Below are a few questions we asked of Schinner and her direct responses.
MILK: What was the driver behind starting your company?
Schinner: I’ve been in food for a long time and, as a vegan, cheese was always one of my downfalls. So I was just determined at some point in my life to come up with cheese that was made from plants so I could enjoy what others enjoy. And not fake food. It was important to me as a value proposition to produce a new type of dairy product from whole, organic plants.
M: How do you make cheese from plants?
S: We start with whole plants. Right now we primarily work with cashews. We make milk out of the cashews and then we inoculate with dairy cultures. It’s very much like traditional cheese making, we’re just using plant ingredients. And we’re transitioning out of cashews to ingredients like potatoes and legumes and seeds.
M: Do you consider your cheese an artisanal cheese?

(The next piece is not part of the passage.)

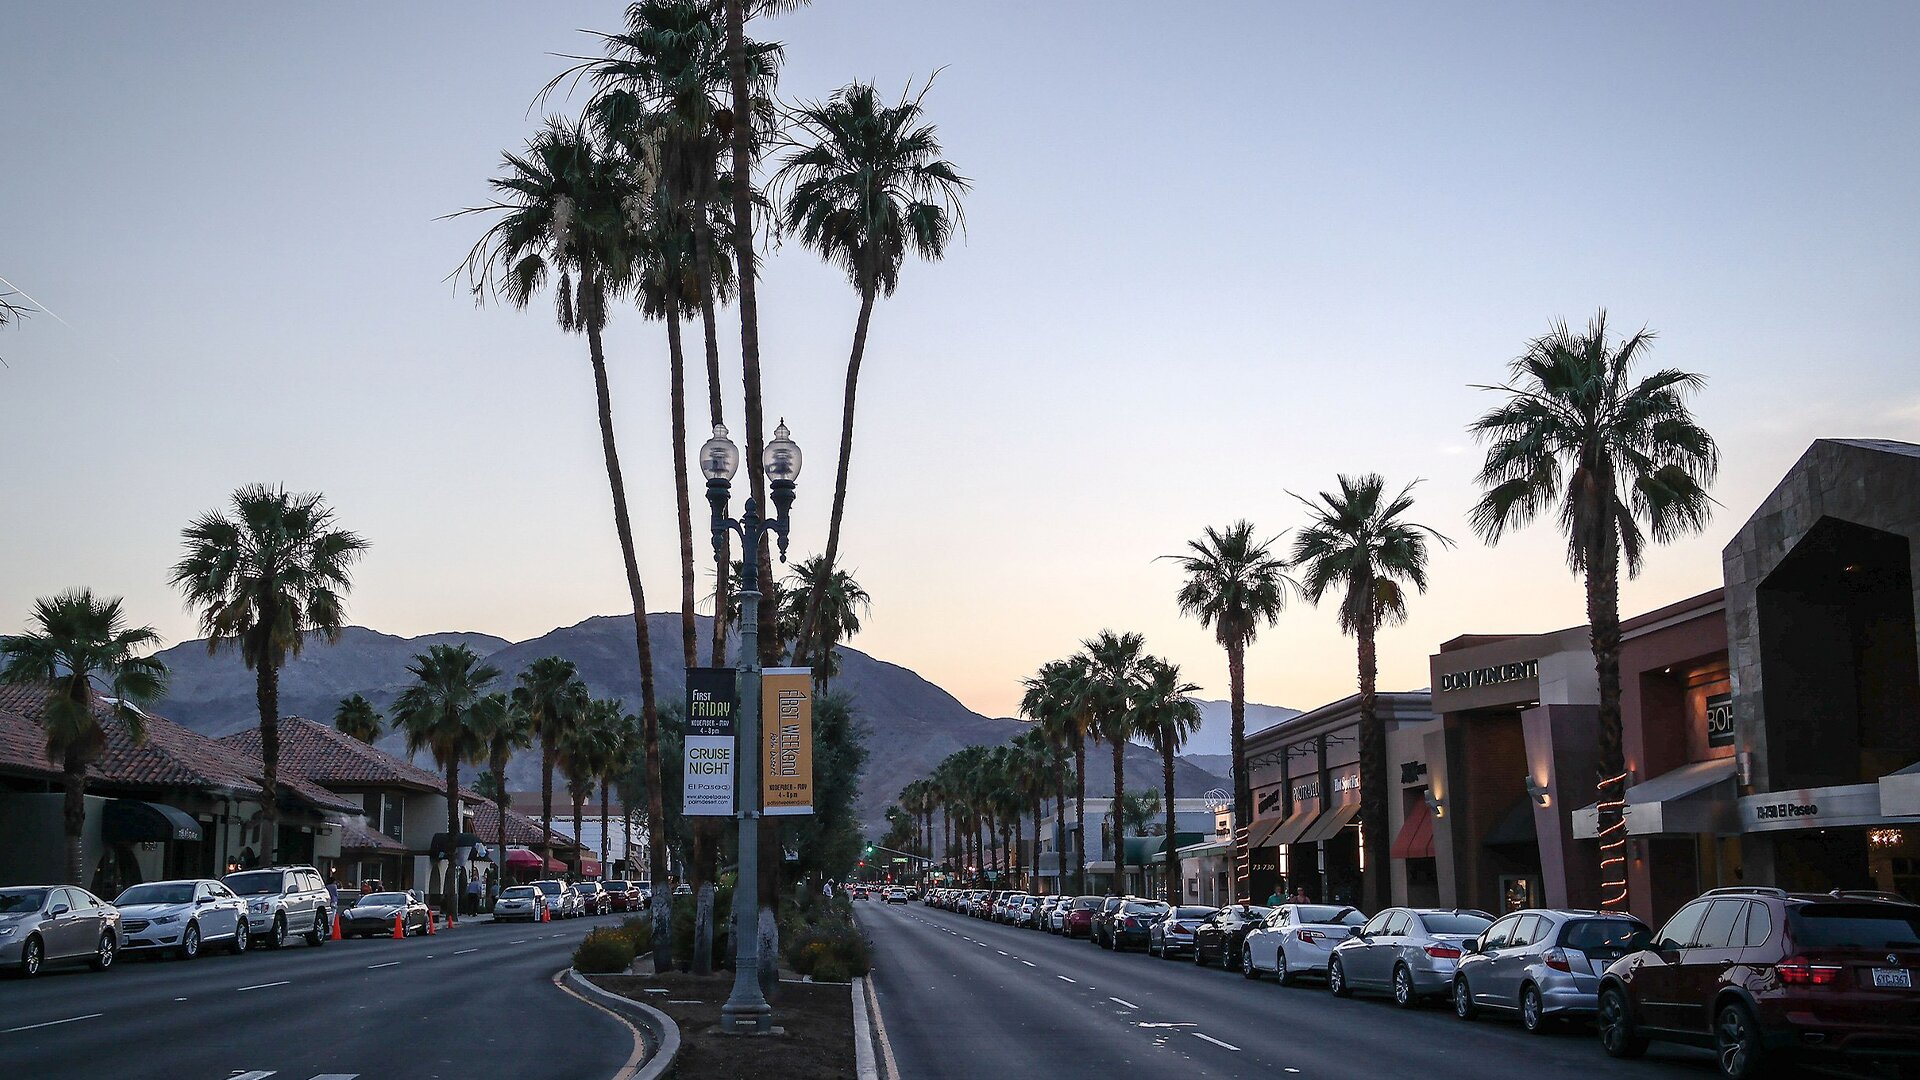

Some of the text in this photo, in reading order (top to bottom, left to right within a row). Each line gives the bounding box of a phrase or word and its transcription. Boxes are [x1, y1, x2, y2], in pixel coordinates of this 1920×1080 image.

S: Initially the products that we made were definitely artisanal. And the reason for that was I priced it to be in line with other artisanal products. I wanted to show that vegan cheese wasn’t a laughable thing. I wanted to prove that you could make something that you can put on a cheese platter at a party with a glass of wine.
M: How do your products fit into the sustainability discussion?
S: My issue, like many other people in this industry, is that we have to figure out how we’re going to feed 10 billion people by 2050. Obviously our current methods of food production aren’t sustainable. To make milk you need to grow crops like corn and soy that are cycled through cows and calorie for calorie you’re putting up to 35 calories per cow to get one calorie into a human. So it’s a very inefficient process of food production.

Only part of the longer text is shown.